Microsoft's Security Research Team has revealed a serious privacy vulnerability called "Whisper Leak." This is a side-channel attack targeting modern AI chat services, which could allow malicious users to eavesdrop on user conversations with AI.

The core of this attack lies in the fact that it does not require breaking existing encryption protocols such as TLS. Instead, it analyzes metadata of encrypted network traffic, such as packet size, transmission timing, and sequence patterns, to infer the topics of user-AI conversations. Because AI services usually stream responses token by token to provide a smooth experience, this practice leaves unique "fingerprints" at the network level, making the attack feasible.

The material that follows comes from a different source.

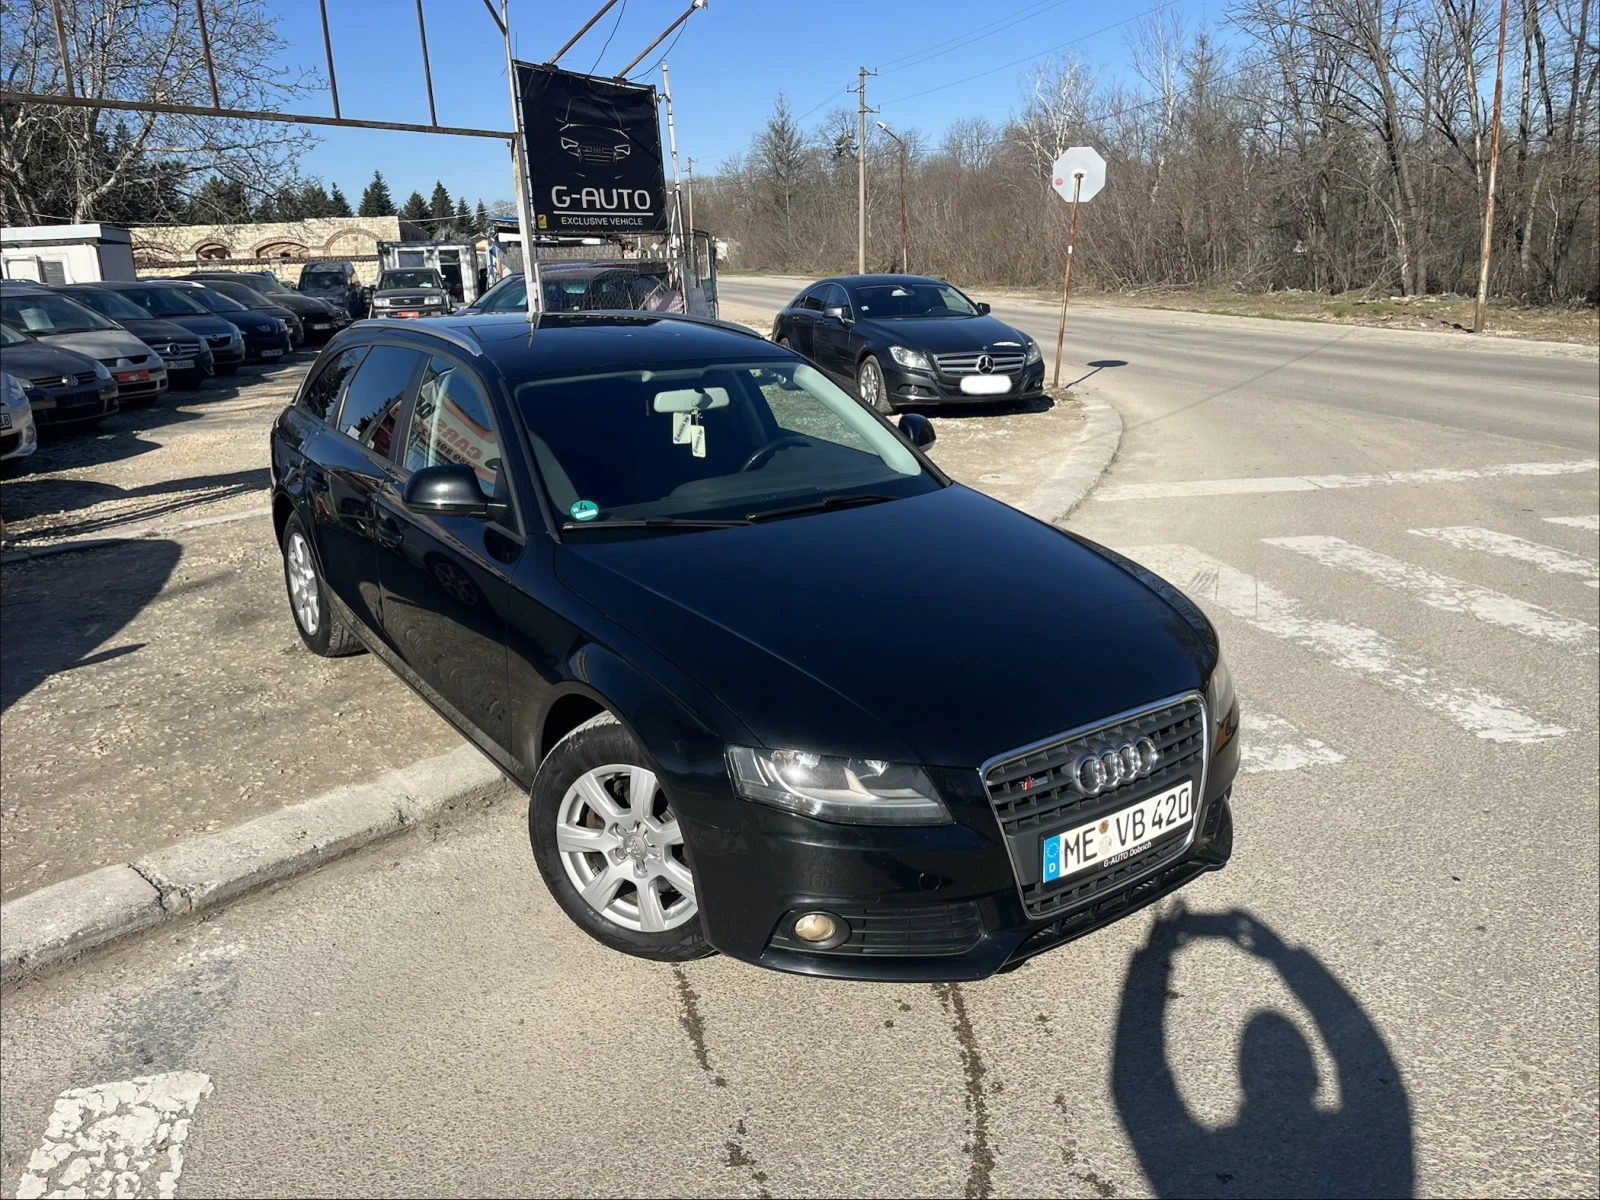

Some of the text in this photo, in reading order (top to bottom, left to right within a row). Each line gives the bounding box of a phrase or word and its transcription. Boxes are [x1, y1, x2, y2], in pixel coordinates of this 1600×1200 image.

Researchers trained machine learning models and demonstrated the effectiveness of this attack by collecting large amounts of encrypted data packet traces from AI responses. Different topics of conversation produced systematic differences in metadata patterns. For example, questions involving sensitive topics like "money laundering" had distinct rhythm and size of response packets compared to ordinary daily conversations. In controlled experiments, the classifier achieved an accuracy rate of over 98% in identifying specific sensitive topics, showing its potential for high-precision monitoring in the real world.
This vulnerability poses a systemic risk to a wide range of AI chat services. Attackers, especially internet service providers (ISPs) or malicious actors on public Wi-Fi, may use "Whisper Leak" to observe users' network traffic, thereby identifying and marking sensitive conversations. This poses a serious threat to journalists, activists, and ordinary users seeking legal or medical advice. Although the conversation content itself is encrypted, the "topic" of the user's conversation may be leaked, leading to subsequent scrutiny or risks.

After Microsoft followed the responsible disclosure principle, several major AI suppliers quickly took action. Current mitigation measures mainly include: breaking the association between packet size and content length through random padding or content obfuscation; using batch processing of tokens to reduce time precision; and actively injecting virtual packets to interfere with traffic patterns. Although these measures have improved security, they also bring problems such as increased latency and higher bandwidth consumption, forcing service providers to make trade-offs between user experience and privacy protection.
For ordinary users, when handling highly sensitive information, prioritizing non-streaming response modes and avoiding queries on untrusted networks are currently effective protective measures.
Key Points:
🌐 Researchers revealed "Whisper Leak" as a new privacy vulnerability that steals AI chat content through analysis of network traffic metadata.
🔍 The attack method does not require breaking encryption protocols, with an accuracy rate exceeding 98%, allowing malicious users to potentially identify sensitive conversations.
🛡️ Several AI suppliers have taken measures, but users still need to pay attention to protecting sensitive information on untrusted networks.